Barnstable, like Gloucester to its north, is a port town. (Gloucester, remember, is the site of The Perfect Storm.) So the problem doesn’t always start with heroin.
“Those who work in manual labor and, say, the fishing industry have a lot of physical pain. Some tend to self-medicate for that pain, oftentimes with prescription painkillers,” says Beletsky. “You see that up and down the coast.”
But in late 2013, Cummings, too, had had enough. Too many people were dying. He started a program in his jail called Residential Substance Abuse Treatment. Abusers got access to a drug, but not the one they wanted.
It’s called Vivitrol, and it blocks the sensors in the brain that emit the euphoria that comes with heroin. The shot lasts for a month. It’s non-narcotic. There’s no high.
Here’s the thing: It worked. Only 9 percent of those in the program recidivated. It worked so well, in fact, that he came up with a similar solution to the one in Gloucester this week.
“We’ve had calls from parents of people who are addicts about it,” he says. “We’ve been able to hook them up with treatment.”
Cummings pulled off a deal just like the one setup with Gloucester's CVS and worked personally with a local provider, the Duffy Health Clinic, to make sure the $1,000-per-shot medicine was affordable, even for an addict.
“It’s another tool in the toolbox,” he says.
Cummings, a gruff Massachusetts cop with the accent to boot, then tells a story. Before he was Barnstable’s sheriff, he says, he was a state police detective for 23 years. He didn’t have much sympathy for the addicts he threw in jail.

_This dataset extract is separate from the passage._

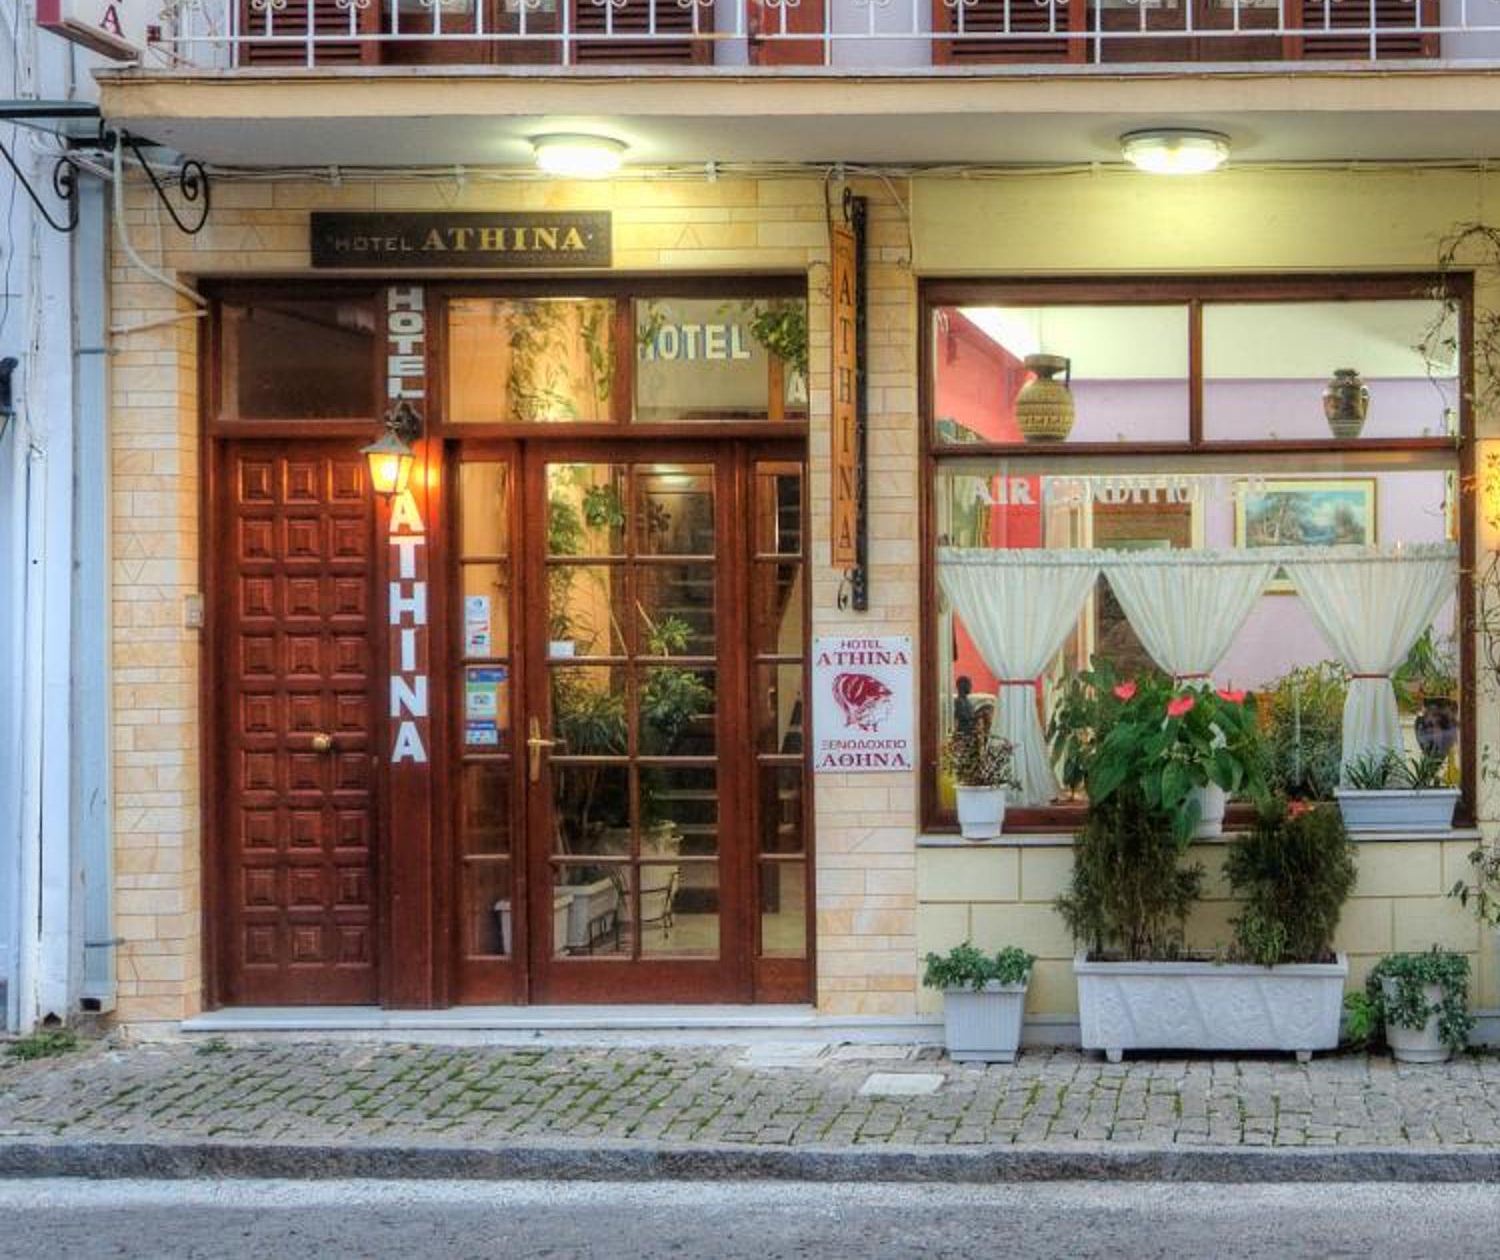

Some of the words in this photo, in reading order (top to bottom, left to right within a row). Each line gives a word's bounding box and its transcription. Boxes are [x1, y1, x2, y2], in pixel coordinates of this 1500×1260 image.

“Junkies were junkies to me. They were bums. They were at the lowest rungs of our society,” he says. “But with this opiate thing that’s been happening, it was important for us to educate ourselves on what addiction is. The opiate has taken over their brain. It’s ‘Get the drug, get the drug, get the drug.’”
Now, Cummings says, he’s trying to let the rest of the country know about his successes. He’ll go to conferences in any state, he says. He’ll “make anything we have available to everybody.”
“Slowly but surely,” he says. “It’s tough to get the word out there.”
And, Beletsky says, once the word does get out there, change could happen fast.
“Police departments have very broad discretion in terms of how they choose to enforce and not enforce laws,” he says. “Police departments are answerable to the public, and the context has changed.”
Heroin and opioid addiction is now afflicting not just urban areas or poor areas, but suburban ones or rural ones or affluent ones, too.
“At the end of the day, I think a lot of this is related to opioid dependence in big swaths of the country that didn’t have it yet,” says Beletsky. “Police departments are answerable to the public, the context has changed.”
That's why Nyrop’s course of action is to raise hell—but not on the steps of Congress or the White House.
“You don’t need to go through that labyrinthine system. You don’t need to go through Congress. You can implement de facto change right on the ground,” says Nyrop. “It’s about police officers coming to agree, first, that these people are sick, and this is something that can be implemented on the local level without going through some rigorous process.”
Or simply this: If you want to end the War on Drugs, talk to your police department. They probably want to help.